In his private business, Kahn specialized in factories with many commissions from the Ford Motor Co. His simple, efficient, and aesthetic Naval buildings typically included porthole windows.

Construction of the runways on Eastern Island and the Seaplane Base and other support facilities on Sand Island was completed August 1, 1941. U.S. Naval Air Station Midway was commissioned four months before the start of the war.

Before the start of hostilities, U.S. Marines were stationed on Midway. The Marines were responsible for establishing all the defensive positions and assisted with construction, often serving as stevedores for all the supplies and equipment needed to fortify Midway. The Marines used five-inch guns, built in 1916, and three-inch 1921 vintage guns to defend Midway. America's greatest fear was that Europe would fall to the Nazis, so all of the newest equipment went to the European war theater, and antiquated guns and planes like the Brewster Buffalo went to the Marines in the Pacific.

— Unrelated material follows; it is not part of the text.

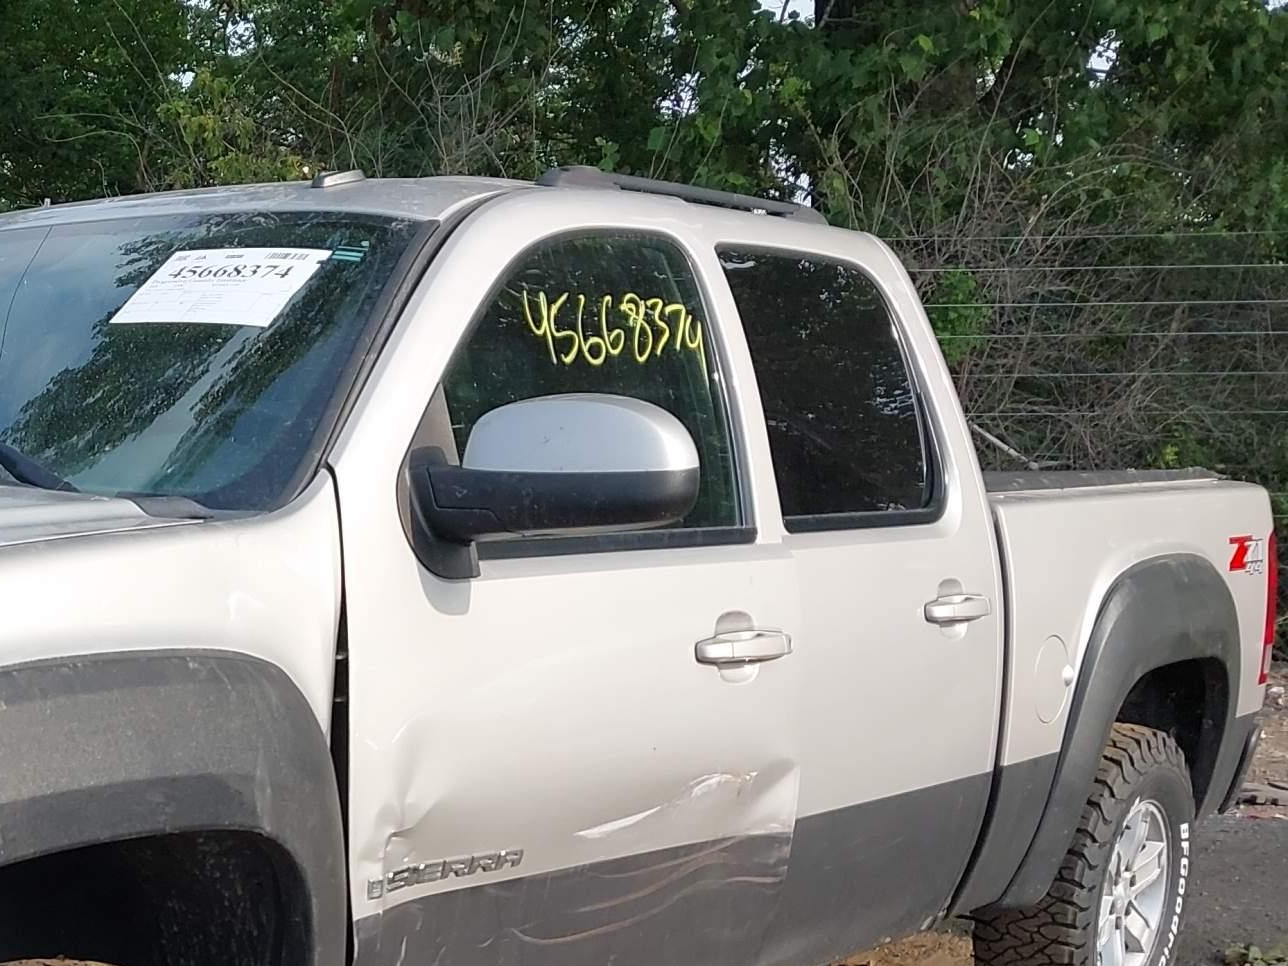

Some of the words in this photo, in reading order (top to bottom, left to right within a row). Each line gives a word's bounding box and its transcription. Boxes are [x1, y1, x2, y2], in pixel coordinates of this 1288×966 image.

[168, 264, 295, 279] 45668374
[522, 289, 710, 388] 45668374
[385, 847, 525, 893] SIERRA

"A day that will live in infamy"

What happened on December 7, 1941? Not only were Pearl Harbor, Wake and the Philippines attacked, but Midway was also shelled by two Japanese destroyers. Thought to be bombproof, the command/communications and power plant building was penetrated by a 5 inch shell, probably deflecting off an adjacent laundry building. Marine First Lieutenant George H. Cannon refused medical attention until he was assured communications were restored to his Command Post, even though he had a crushed pelvis. By the time he received medical attention, it was too late, and Cannon died. For his gallant selflessness he received the first Medal of Honor issued to an U.S. Marine in World War II. A street on Sand Island still bears his name.